### [Data for processing]
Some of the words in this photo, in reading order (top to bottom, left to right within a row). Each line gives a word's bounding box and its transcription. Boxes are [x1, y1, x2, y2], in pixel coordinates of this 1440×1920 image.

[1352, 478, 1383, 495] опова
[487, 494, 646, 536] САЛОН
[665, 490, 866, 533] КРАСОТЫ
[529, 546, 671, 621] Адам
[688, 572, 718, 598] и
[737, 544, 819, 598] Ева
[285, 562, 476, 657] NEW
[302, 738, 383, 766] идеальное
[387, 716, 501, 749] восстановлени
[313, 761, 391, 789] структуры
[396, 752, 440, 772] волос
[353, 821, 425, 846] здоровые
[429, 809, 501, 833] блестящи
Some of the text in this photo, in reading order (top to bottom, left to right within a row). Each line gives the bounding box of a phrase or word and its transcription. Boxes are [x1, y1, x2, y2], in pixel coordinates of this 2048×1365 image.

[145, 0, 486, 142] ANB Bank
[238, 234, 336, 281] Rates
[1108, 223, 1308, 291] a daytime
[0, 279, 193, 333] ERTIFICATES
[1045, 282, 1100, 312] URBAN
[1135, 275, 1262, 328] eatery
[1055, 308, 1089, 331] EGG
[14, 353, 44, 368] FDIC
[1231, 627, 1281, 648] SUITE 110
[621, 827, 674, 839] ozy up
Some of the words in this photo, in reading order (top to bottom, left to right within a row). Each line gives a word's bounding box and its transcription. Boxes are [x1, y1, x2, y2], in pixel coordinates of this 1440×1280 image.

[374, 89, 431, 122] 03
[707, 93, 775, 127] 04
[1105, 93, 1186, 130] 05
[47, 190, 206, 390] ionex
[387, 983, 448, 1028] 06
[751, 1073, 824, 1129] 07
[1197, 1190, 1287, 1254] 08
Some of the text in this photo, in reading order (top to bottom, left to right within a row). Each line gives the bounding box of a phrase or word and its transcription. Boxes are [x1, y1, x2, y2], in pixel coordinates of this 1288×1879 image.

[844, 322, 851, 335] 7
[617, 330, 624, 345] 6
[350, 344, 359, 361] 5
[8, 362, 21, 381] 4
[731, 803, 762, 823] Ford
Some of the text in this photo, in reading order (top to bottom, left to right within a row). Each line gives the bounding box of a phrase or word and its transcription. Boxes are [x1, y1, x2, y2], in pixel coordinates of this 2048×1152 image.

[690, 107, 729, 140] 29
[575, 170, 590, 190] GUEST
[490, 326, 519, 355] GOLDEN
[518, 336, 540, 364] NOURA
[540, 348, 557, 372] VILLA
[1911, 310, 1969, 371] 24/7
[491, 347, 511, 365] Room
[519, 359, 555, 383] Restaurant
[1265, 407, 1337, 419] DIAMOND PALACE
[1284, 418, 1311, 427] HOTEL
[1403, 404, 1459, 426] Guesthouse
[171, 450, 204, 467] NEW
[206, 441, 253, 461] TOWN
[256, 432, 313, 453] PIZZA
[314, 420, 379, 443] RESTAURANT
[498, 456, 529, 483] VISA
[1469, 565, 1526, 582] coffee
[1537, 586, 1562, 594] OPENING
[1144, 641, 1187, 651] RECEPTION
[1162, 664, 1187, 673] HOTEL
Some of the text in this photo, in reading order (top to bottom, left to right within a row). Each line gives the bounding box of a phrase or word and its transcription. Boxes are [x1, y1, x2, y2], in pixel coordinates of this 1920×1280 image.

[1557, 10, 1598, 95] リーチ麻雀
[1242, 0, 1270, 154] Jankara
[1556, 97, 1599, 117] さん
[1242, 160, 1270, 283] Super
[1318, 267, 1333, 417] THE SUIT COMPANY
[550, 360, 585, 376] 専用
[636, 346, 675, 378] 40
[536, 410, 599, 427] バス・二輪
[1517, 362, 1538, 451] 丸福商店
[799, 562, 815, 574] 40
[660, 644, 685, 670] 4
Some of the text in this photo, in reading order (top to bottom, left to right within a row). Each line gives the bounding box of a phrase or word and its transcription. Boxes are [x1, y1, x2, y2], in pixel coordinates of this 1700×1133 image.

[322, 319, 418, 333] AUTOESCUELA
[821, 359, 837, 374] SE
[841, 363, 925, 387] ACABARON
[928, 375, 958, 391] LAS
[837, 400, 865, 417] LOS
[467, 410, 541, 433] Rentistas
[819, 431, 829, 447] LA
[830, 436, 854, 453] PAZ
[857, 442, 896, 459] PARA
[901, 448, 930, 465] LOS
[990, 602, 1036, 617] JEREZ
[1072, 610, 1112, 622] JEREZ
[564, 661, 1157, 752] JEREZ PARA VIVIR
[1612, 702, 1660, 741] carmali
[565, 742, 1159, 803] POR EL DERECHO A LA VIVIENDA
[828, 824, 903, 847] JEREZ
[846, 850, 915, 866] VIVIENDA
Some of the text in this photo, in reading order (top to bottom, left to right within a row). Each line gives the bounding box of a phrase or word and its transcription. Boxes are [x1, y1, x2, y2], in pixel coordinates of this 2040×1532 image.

### [What is needed]
Which lines run from the one containing "this 1700×1133 image." to the final line of the entries? Return those lines exactly, and only those.

### [Solution]
Some of the text in this photo, in reading order (top to bottom, left to right within a row). Each line gives the bounding box of a phrase or word and its transcription. Boxes are [x1, y1, x2, y2], in pixel coordinates of this 1700×1133 image.

[322, 319, 418, 333] AUTOESCUELA
[821, 359, 837, 374] SE
[841, 363, 925, 387] ACABARON
[928, 375, 958, 391] LAS
[837, 400, 865, 417] LOS
[467, 410, 541, 433] Rentistas
[819, 431, 829, 447] LA
[830, 436, 854, 453] PAZ
[857, 442, 896, 459] PARA
[901, 448, 930, 465] LOS
[990, 602, 1036, 617] JEREZ
[1072, 610, 1112, 622] JEREZ
[564, 661, 1157, 752] JEREZ PARA VIVIR
[1612, 702, 1660, 741] carmali
[565, 742, 1159, 803] POR EL DERECHO A LA VIVIENDA
[828, 824, 903, 847] JEREZ
[846, 850, 915, 866] VIVIENDA
Some of the text in this photo, in reading order (top to bottom, left to right within a row). Each line gives the bounding box of a phrase or word and its transcription. Boxes are [x1, y1, x2, y2], in pixel coordinates of this 2040×1532 image.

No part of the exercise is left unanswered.